Years after Dad’s passing, we are finally able to talk about all the ways his State Department career and faith in U.S. foreign policy dominated our family worldview. It was heavy on geopolitics but lacking sentimentality. That’s where your parenting came in. You taught me to love broadly and without judgment. You grounded me in humility and appreciation for people, places and things. There isn’t a bitter bone in you, and I attempt to emulate that every day. You encouraged me to think for myself, to explore the world on my own terms and to utilize the privileges I was born with, even if it means disagreeing with and protesting my government’s actions.
As I reflect on our precious conversations in recent months, I realize that for you, Caracas was merely a mad dash through traffic in the unforgettable journey of raising your family. Those years are reduced to a souvenir ashtray of a cow named Lulu in your California home. You say the most important gift Venezuela gave you was me. For that, you are grateful.
For me, Caracas is a place I have clung to in my mind forever. The place where I came into this world. A proxy for all my beautiful memories of Latin America.

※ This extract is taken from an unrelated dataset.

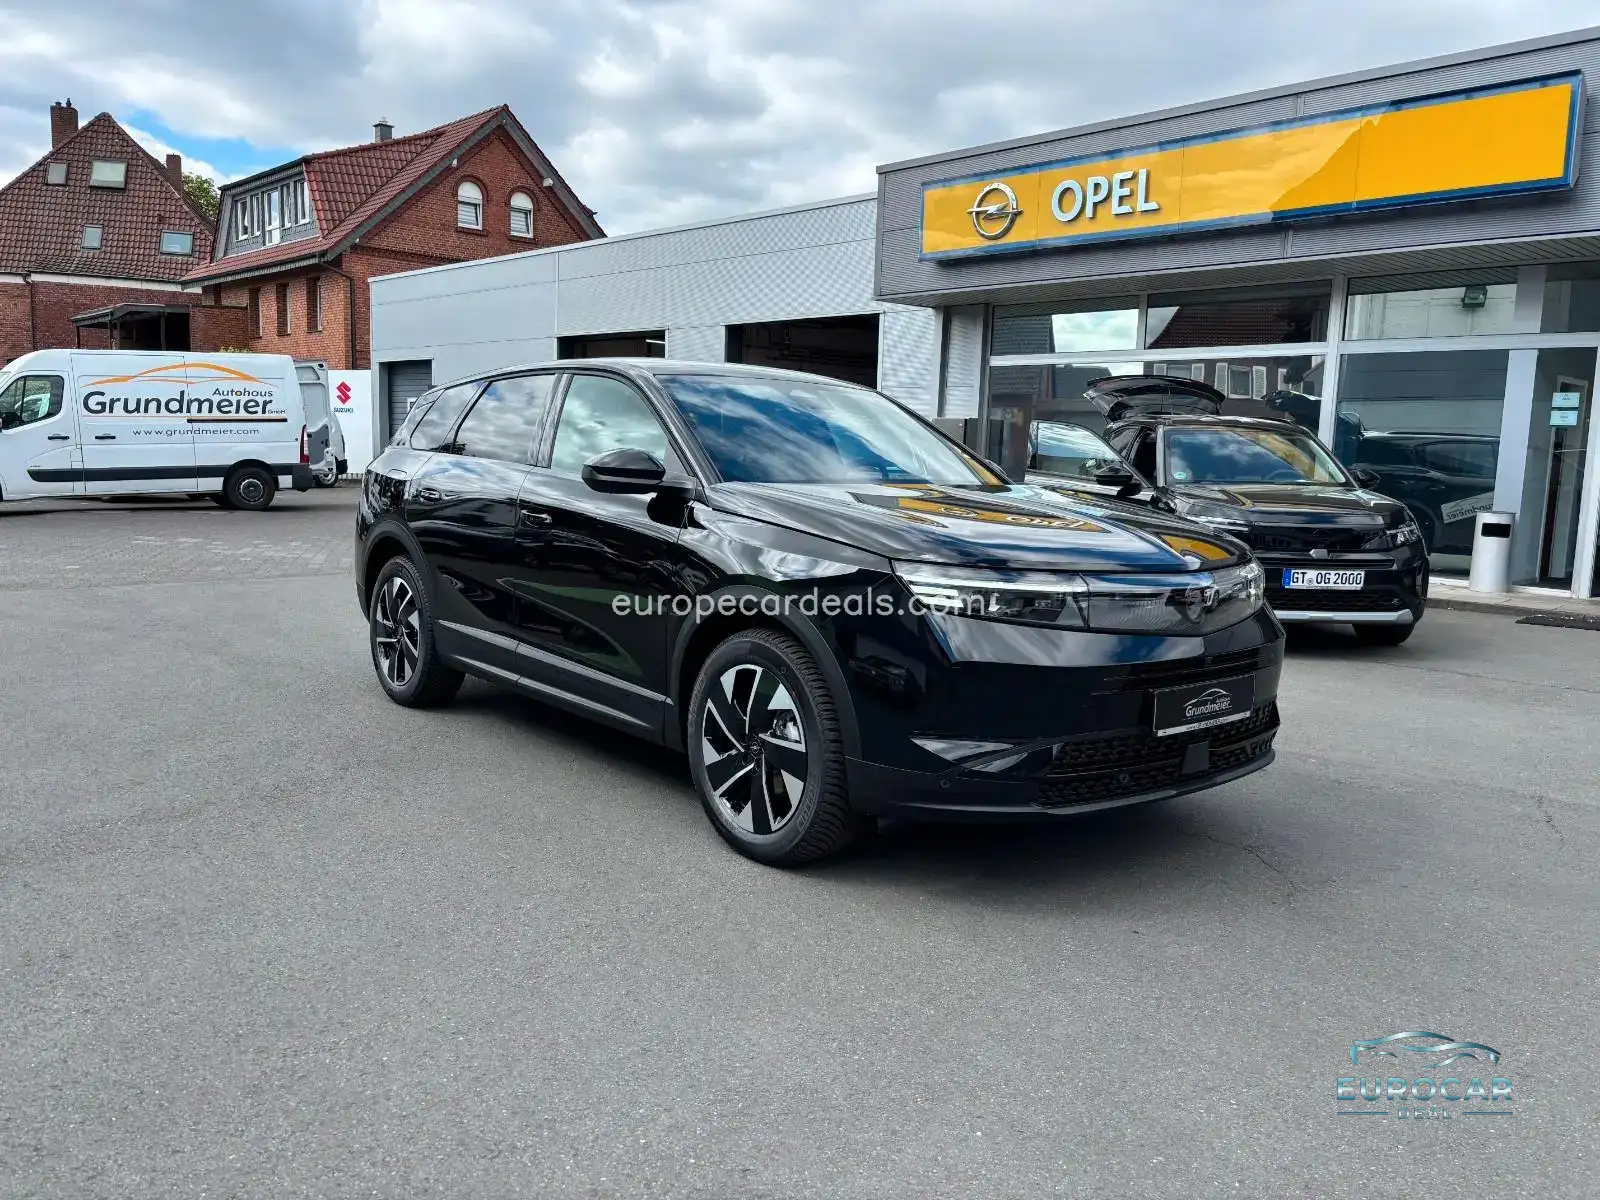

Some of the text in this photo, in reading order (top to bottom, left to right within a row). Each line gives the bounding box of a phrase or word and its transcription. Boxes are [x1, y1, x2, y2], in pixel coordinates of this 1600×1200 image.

But those notions are wishful and naive in relation to Venezuela. Only as an adult have I come to realize how destructive U.S. intervention was and continues to be. Washington’s mission has always been to prop up and ruthlessly defend its own military and economic interests. U.S. foreign policy suffocates Latin American society and self-determination. Sanctions starve ordinary people.
My Caracas is gone. All that remains is a creased government document en español, your priceless retelling of how I came to be and a haunting despair that America’s armadas will not soon retreat.
Born in Caracas, Venezuela, Steve Pastorino has lived in Las Vegas since 2017. He is pursuing a Master of Fine Arts in creative writing from UNLV.